Again this year—I know it’s hard to believe—I didn’t get a single invite to address the class of 2019. But I’m not bitter. Today I’ll share, for free and without the sweltering heat, some advice for graduates. You’re welcome.
• Don’t play poker with a drunk woman sporting a gold tooth. It will end badly.
• Be prepared to work hard. The world is not full of nice people just waiting to throw money at you.
• If it seems too good to be true, it is. Period.
• Smoothies sound healthy, but some have all the nutrition of cotton candy. Choose wisely.
• Listen to your gut. We’re all born with intuition, so use it. If your inner voice whispers, “This is not in your best interests,” or, “This guy is a creep,” walk away.
• Not everyone needs to go to college, but everyone needs an education. Never stop learning.
• If anyone—I don’t care if it’s your brother or your best friend—wants you to invest in a “can’t-lose opportunity” that will double your money in six weeks, RUN. Unless his name is Elon or Bezos, you’re going to lose your shirt.

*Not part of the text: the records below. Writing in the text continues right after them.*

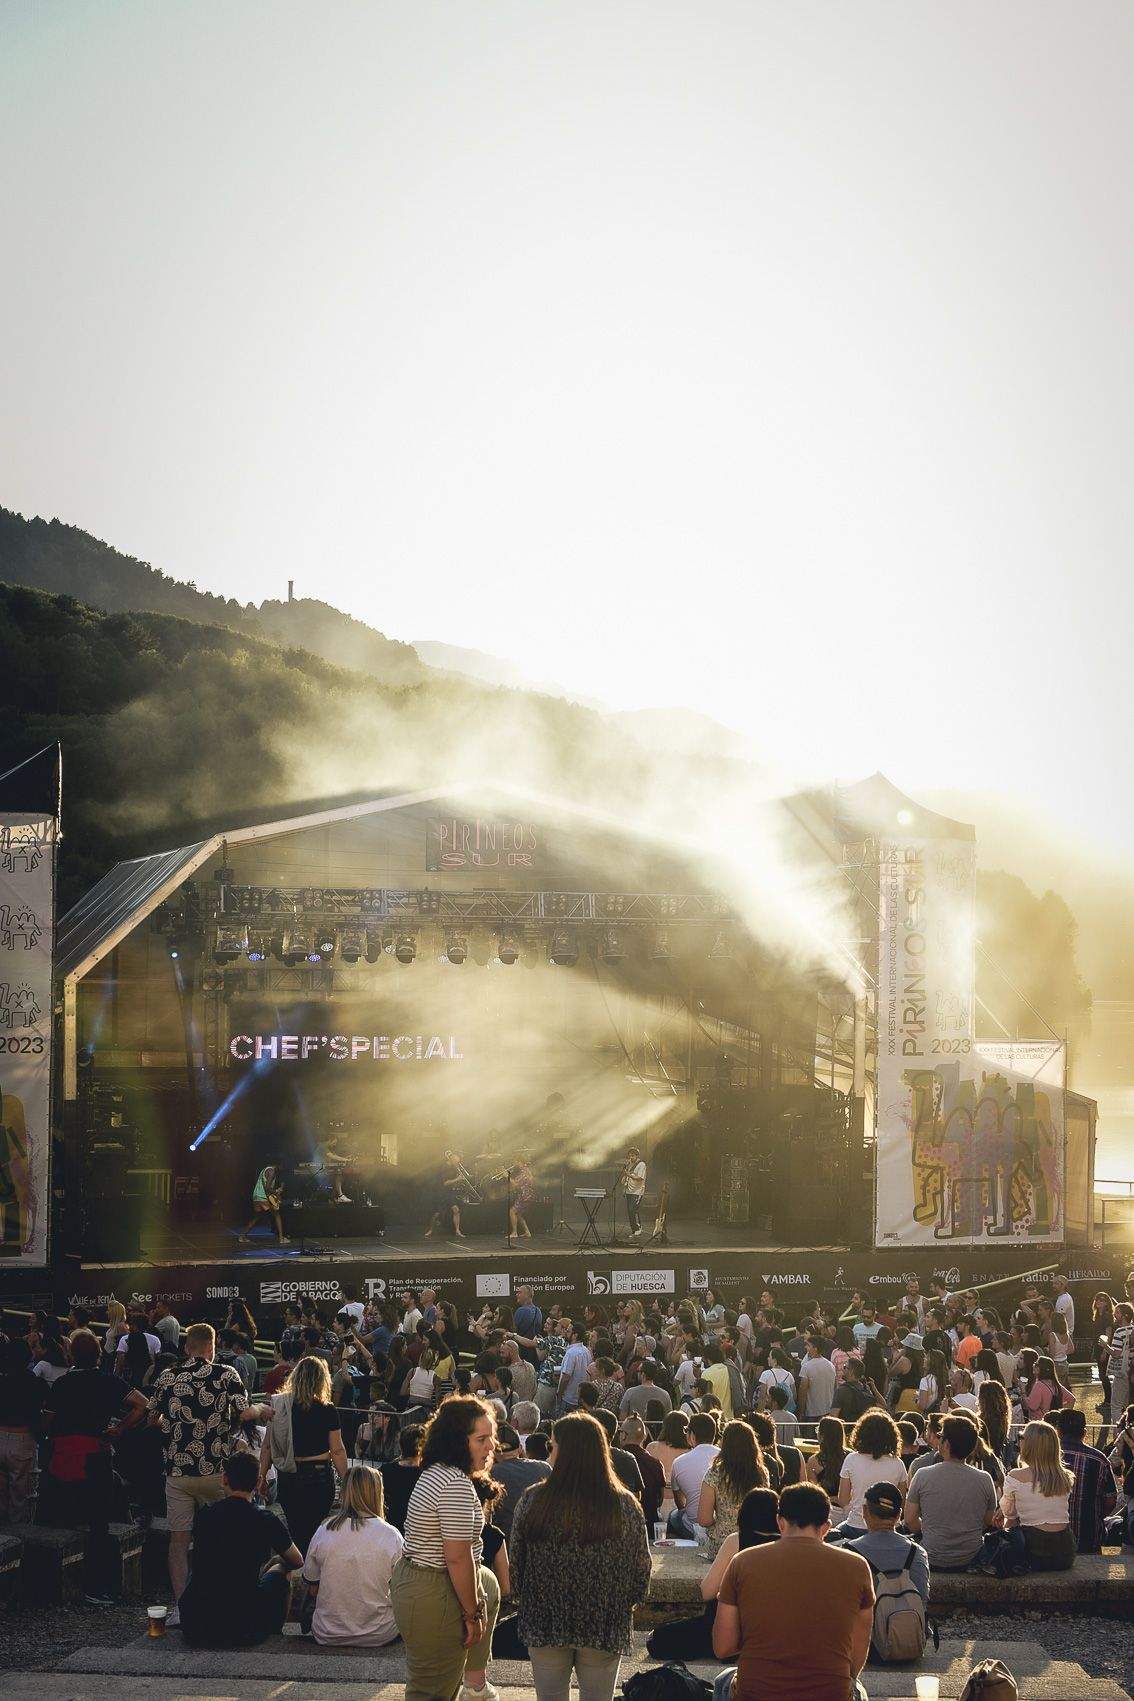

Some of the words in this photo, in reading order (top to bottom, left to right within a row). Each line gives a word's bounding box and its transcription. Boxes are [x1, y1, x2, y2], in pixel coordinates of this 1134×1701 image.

[440, 818, 537, 850] PIRINEOS
[441, 852, 535, 866] SUR
[888, 924, 898, 995] INTERNACIONAL
[888, 997, 897, 1036] FESTIVAL
[0, 1037, 44, 1053] 2023
[931, 1039, 971, 1054] 2023
[616, 1271, 667, 1281] DIPUTACIÓN
[771, 1274, 812, 1284] AMBAR
[869, 1275, 902, 1284] embou
[282, 1280, 340, 1291] GOBIERNO
[545, 1284, 575, 1292] Europea
[617, 1283, 628, 1291] DE
[630, 1282, 666, 1291] HUESCA
[131, 1292, 153, 1303] See
[154, 1292, 193, 1302] TICKETS
[282, 1292, 297, 1302] DE

• Working a job you hate and getting wasted every weekend is not your best life. Figure out how to do better.
• Try to make everyone you meet glad they met you.
• Do good, and nine times out of 10, good will come back to you. It’s called karma.
• The corollary to that is, life isn’t fair. You’re going to get disappointed. Your heart will be broken. A friend will let you down. Sometimes you don’t get what you deserve. That’s called “experience.”
• Being cheerful is a choice. Be cheerful. (Unless you’re nervous like me; then just fake it.)
• You do not magically become wise and experienced when you turn 18 or walk onto a college campus. Listen to your elders. They’ve been where you are and they know things you don’t know. All the things, in fact.
• Stay loyal to your old friends, but also make room for new friends--preferably from different places and backgrounds. They will be your portal to new experiences, which leads to a more interesting life.
• Give holistic medicine a try. If Siberian ginseng doesn’t cure a hangover, then you can gulp Advil. Just don’t do hair of the dog, which is stupid: Dogs eat their own upchuck, remember?
I also asked my brother, T-Bob, for his pearls of wisdom:
• Travel as much as you can while you’re young.
• Don’t move to a legal weed state. It’s very hard to get anything done.
• Volunteer your time to help others; the emotional rewards are huge.
• A good credit score is like gold—it can even reduce your car insurance payments.
And now, a few words from the smartest man I know, Widdle Baby:
• Don’t expect a paycheck on Friday if you haven’t worked Monday through Thursday.
• Learn how to cook. Fast food is not your friend.
• Help old people. They’ve paid their dues.
• Playing the lottery is fun, but don’t make it your retirement plan.
• Buy the expensive toilet paper. You’re worth a roll of Charmin.
• Go to church rain or shine, unless you have the flu.
• Stow your phone while you’re on the clock. The boss isn’t paying for your social media addiction.
• Learn how to fix things. (Readers, I must brag: Widdle can tear down an engine; seal a leak; replace water pipes; repair a drone; operate a bulldozer, tractor and chainsaw; assemble Ikea furniture; AND cook like a TV chef. Be like Widdle.)